Word for word, restate each of the entries below, and drop every picture.

START DATASET

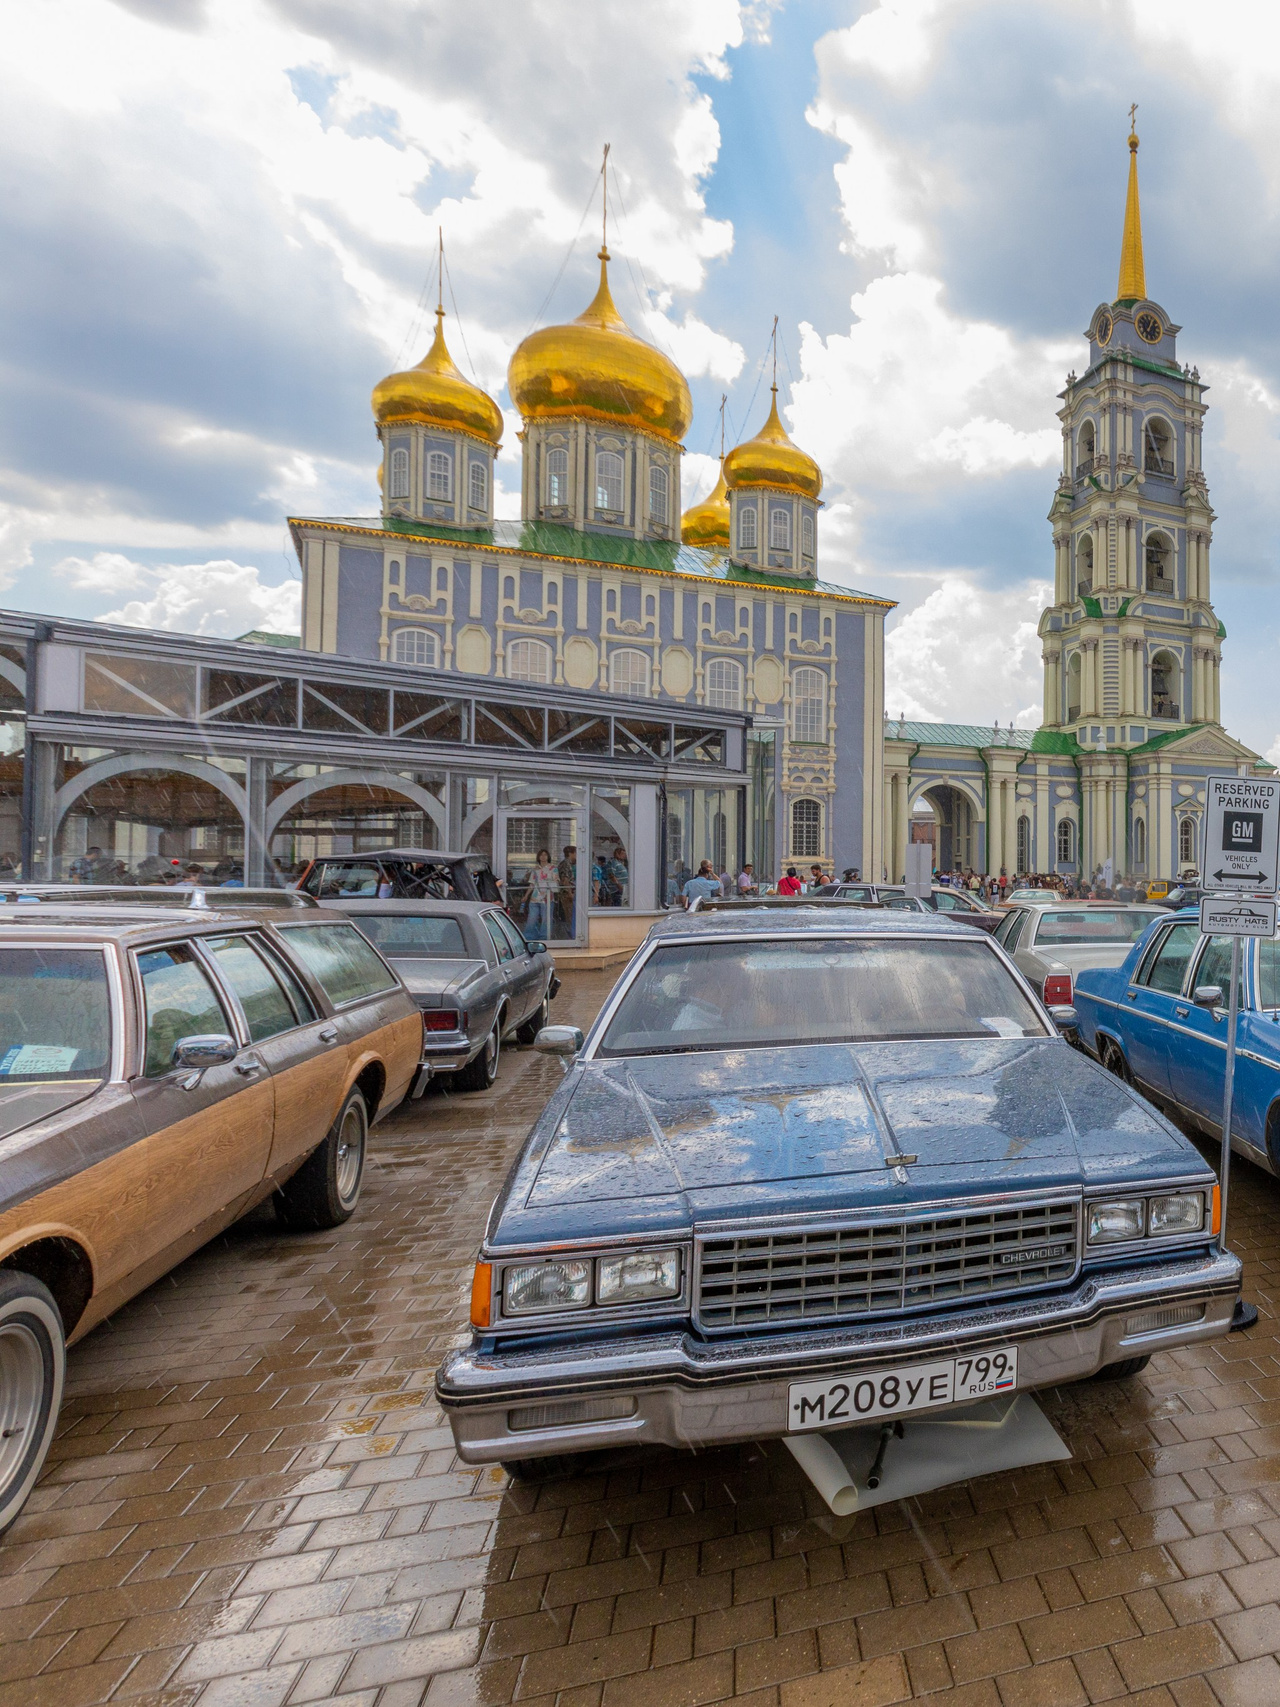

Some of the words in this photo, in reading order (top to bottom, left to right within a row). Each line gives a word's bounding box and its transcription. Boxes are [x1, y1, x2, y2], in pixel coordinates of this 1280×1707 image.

[1214, 783, 1275, 797] RESERVED
[1218, 796, 1270, 810] PARKING
[1232, 820, 1254, 838] GM
[1224, 854, 1258, 863] VEHICLES
[1231, 862, 1251, 870] ONLY
[1208, 915, 1240, 923] RUSTY
[1002, 1245, 1067, 1264] CHEVROLET
[957, 1352, 1008, 1386] 799
[969, 1381, 995, 1395] RUS
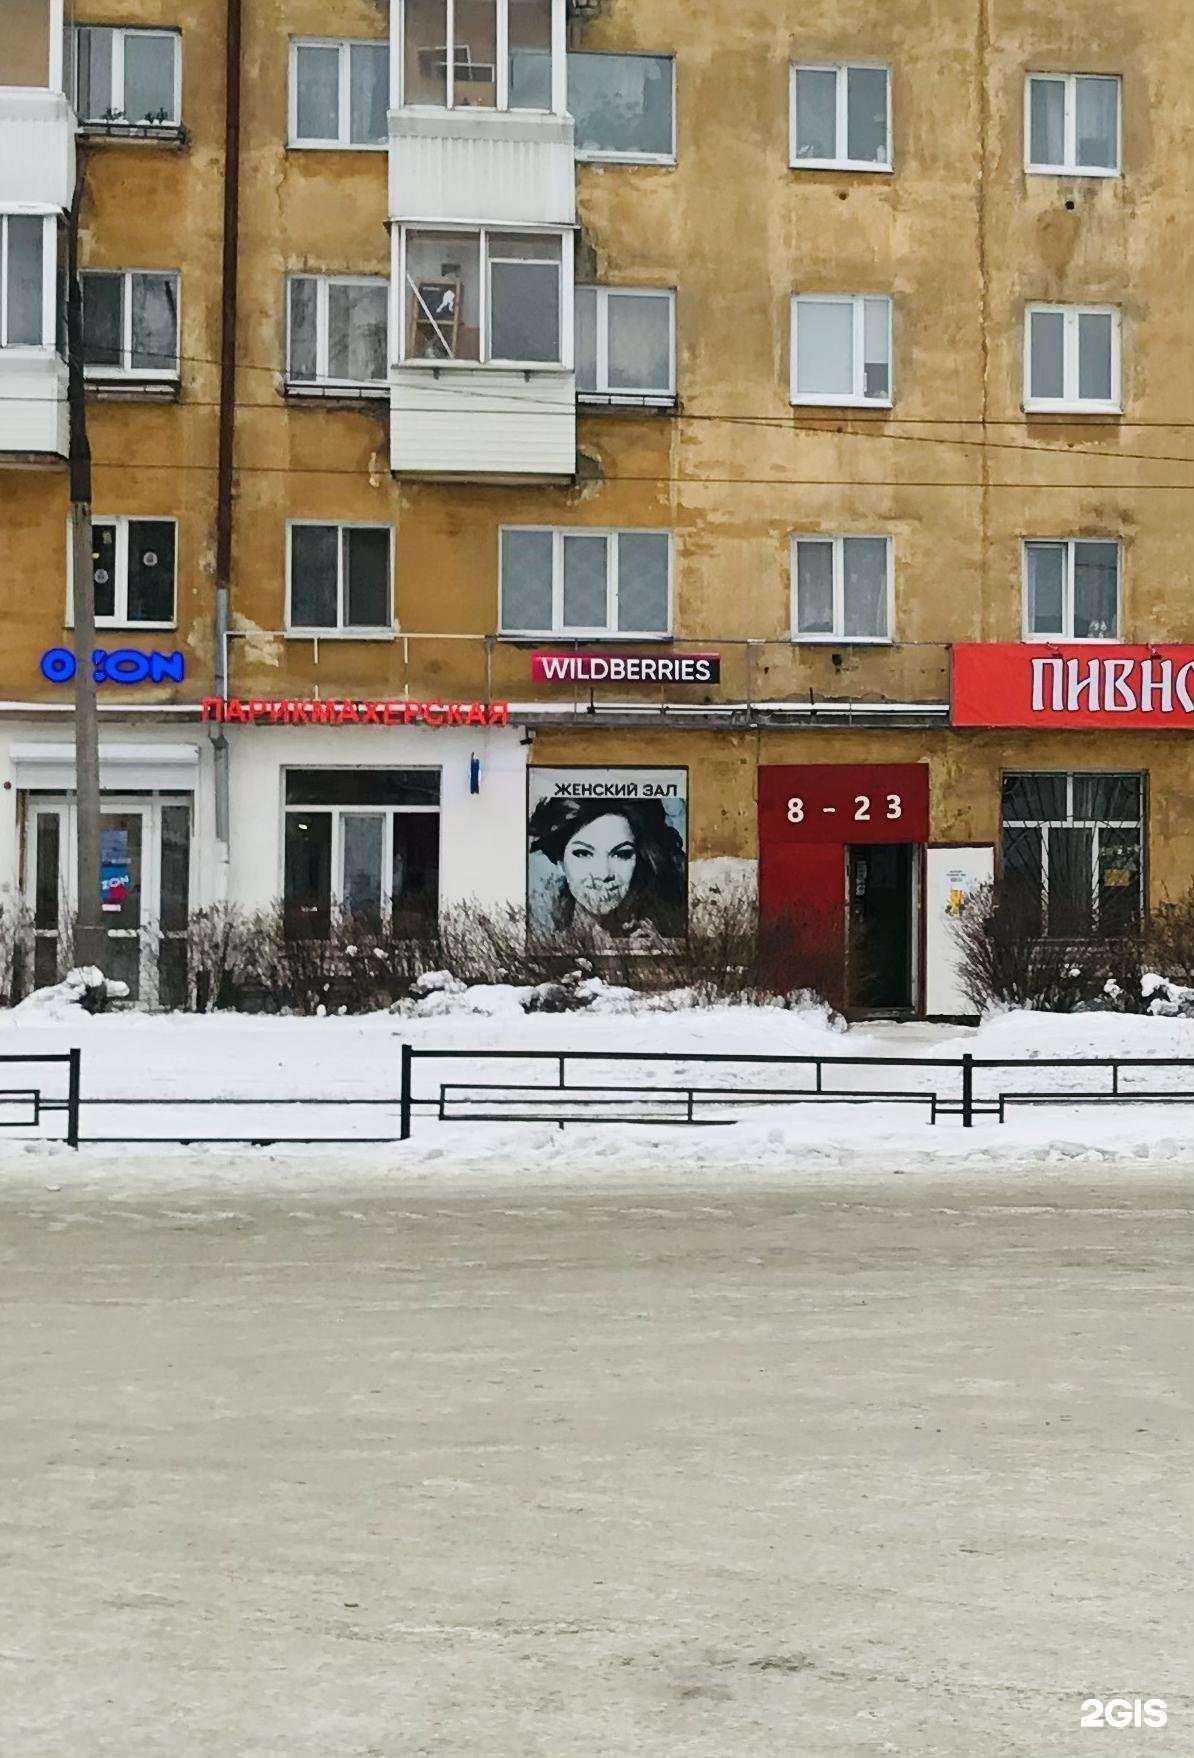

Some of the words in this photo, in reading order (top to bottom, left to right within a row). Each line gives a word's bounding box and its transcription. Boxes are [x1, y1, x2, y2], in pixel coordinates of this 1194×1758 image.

[541, 656, 711, 681] WILDBERRIES
[202, 697, 509, 726] ПАРИКМАХЕРСКАЯ
[554, 782, 638, 797] ЖЕНСКИЙ
[642, 784, 678, 797] ЗАЛ
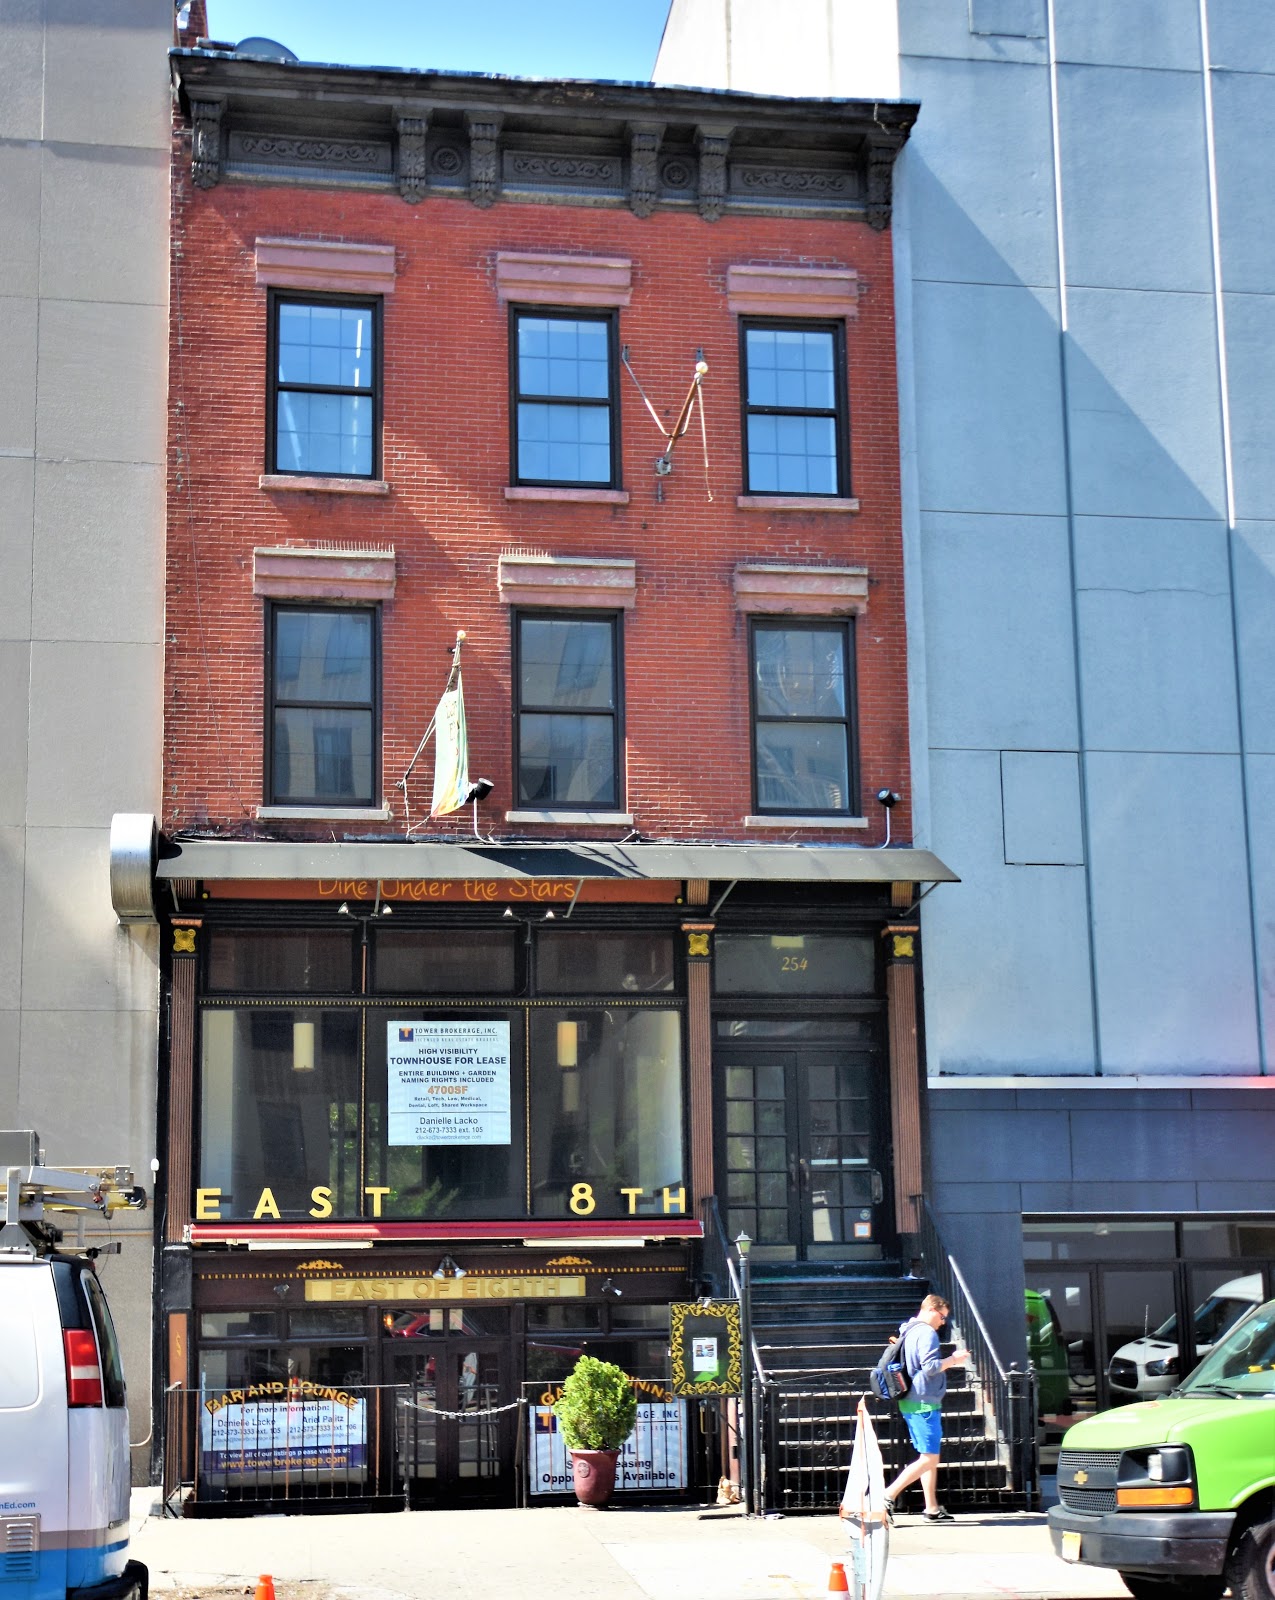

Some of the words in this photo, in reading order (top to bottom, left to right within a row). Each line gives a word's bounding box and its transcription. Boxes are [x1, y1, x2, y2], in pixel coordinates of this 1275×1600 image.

[318, 880, 368, 899] Dine
[380, 880, 451, 900] Under
[464, 880, 498, 900] the
[509, 880, 576, 901] Stars
[782, 956, 808, 971] 254
[428, 1086, 468, 1094] 4700SF
[196, 1186, 390, 1219] EAST
[570, 1183, 686, 1215] 8TH
[332, 1278, 404, 1300] EAST
[413, 1278, 450, 1298] OF
[462, 1277, 560, 1298] EIGHTH
[205, 1390, 243, 1414] BAR
[248, 1382, 284, 1396] AND
[289, 1378, 359, 1410] LOUNGE
[290, 1425, 330, 1433] 212-673-333
[616, 1459, 652, 1469] easing
[624, 1471, 675, 1480] Availabe
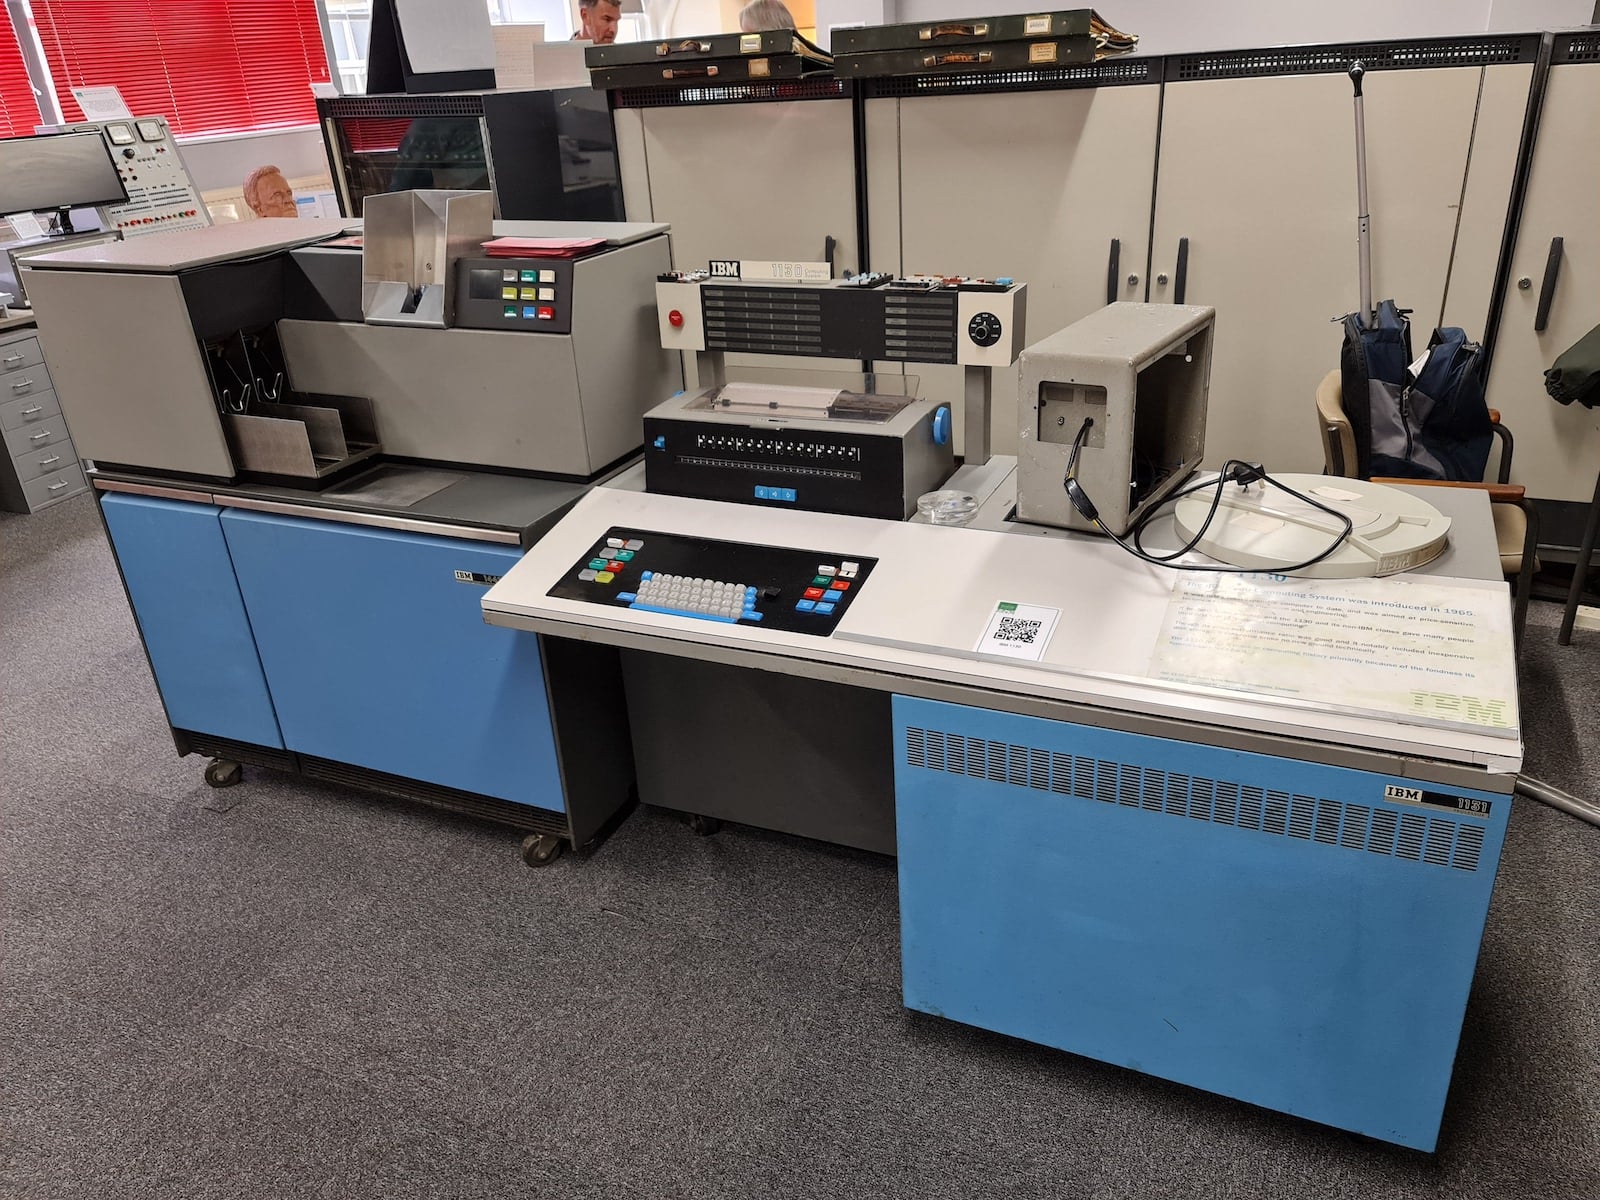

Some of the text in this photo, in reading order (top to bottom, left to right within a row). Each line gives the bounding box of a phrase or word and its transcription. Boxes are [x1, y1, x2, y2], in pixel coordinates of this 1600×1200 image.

[711, 261, 803, 278] IBM 1130
[455, 571, 472, 580] IBM
[1309, 593, 1345, 602] System
[1371, 600, 1427, 611] introduced
[1392, 646, 1425, 654] included
[1428, 651, 1475, 660] inexpensive
[1426, 667, 1463, 676] fondness
[1408, 689, 1507, 727] IBM
[1386, 786, 1420, 800] IBM
[1457, 797, 1488, 813] 1131

END DATASET

**REPLY**.
Some of the words in this photo, in reading order (top to bottom, left to right within a row). Each line gives a word's bounding box and its transcription. Boxes are [x1, y1, x2, y2], in pixel coordinates of this 1280×1707 image.

[1214, 783, 1275, 797] RESERVED
[1218, 796, 1270, 810] PARKING
[1232, 820, 1254, 838] GM
[1224, 854, 1258, 863] VEHICLES
[1231, 862, 1251, 870] ONLY
[1208, 915, 1240, 923] RUSTY
[1002, 1245, 1067, 1264] CHEVROLET
[957, 1352, 1008, 1386] 799
[969, 1381, 995, 1395] RUS

Some of the words in this photo, in reading order (top to bottom, left to right within a row). Each line gives a word's bounding box and its transcription. Boxes are [x1, y1, x2, y2], in pixel coordinates of this 1194×1758 image.

[541, 656, 711, 681] WILDBERRIES
[202, 697, 509, 726] ПАРИКМАХЕРСКАЯ
[554, 782, 638, 797] ЖЕНСКИЙ
[642, 784, 678, 797] ЗАЛ

Some of the words in this photo, in reading order (top to bottom, left to right within a row). Each line gives a word's bounding box and its transcription. Boxes are [x1, y1, x2, y2], in pixel coordinates of this 1275×1600 image.

[318, 880, 368, 899] Dine
[380, 880, 451, 900] Under
[464, 880, 498, 900] the
[509, 880, 576, 901] Stars
[782, 956, 808, 971] 254
[428, 1086, 468, 1094] 4700SF
[196, 1186, 390, 1219] EAST
[570, 1183, 686, 1215] 8TH
[332, 1278, 404, 1300] EAST
[413, 1278, 450, 1298] OF
[462, 1277, 560, 1298] EIGHTH
[205, 1390, 243, 1414] BAR
[248, 1382, 284, 1396] AND
[289, 1378, 359, 1410] LOUNGE
[290, 1425, 330, 1433] 212-673-333
[616, 1459, 652, 1469] easing
[624, 1471, 675, 1480] Availabe

Some of the text in this photo, in reading order (top to bottom, left to right within a row). Each line gives the bounding box of a phrase or word and its transcription. Boxes are [x1, y1, x2, y2], in pixel coordinates of this 1600×1200 image.

[711, 261, 803, 278] IBM 1130
[455, 571, 472, 580] IBM
[1309, 593, 1345, 602] System
[1371, 600, 1427, 611] introduced
[1392, 646, 1425, 654] included
[1428, 651, 1475, 660] inexpensive
[1426, 667, 1463, 676] fondness
[1408, 689, 1507, 727] IBM
[1386, 786, 1420, 800] IBM
[1457, 797, 1488, 813] 1131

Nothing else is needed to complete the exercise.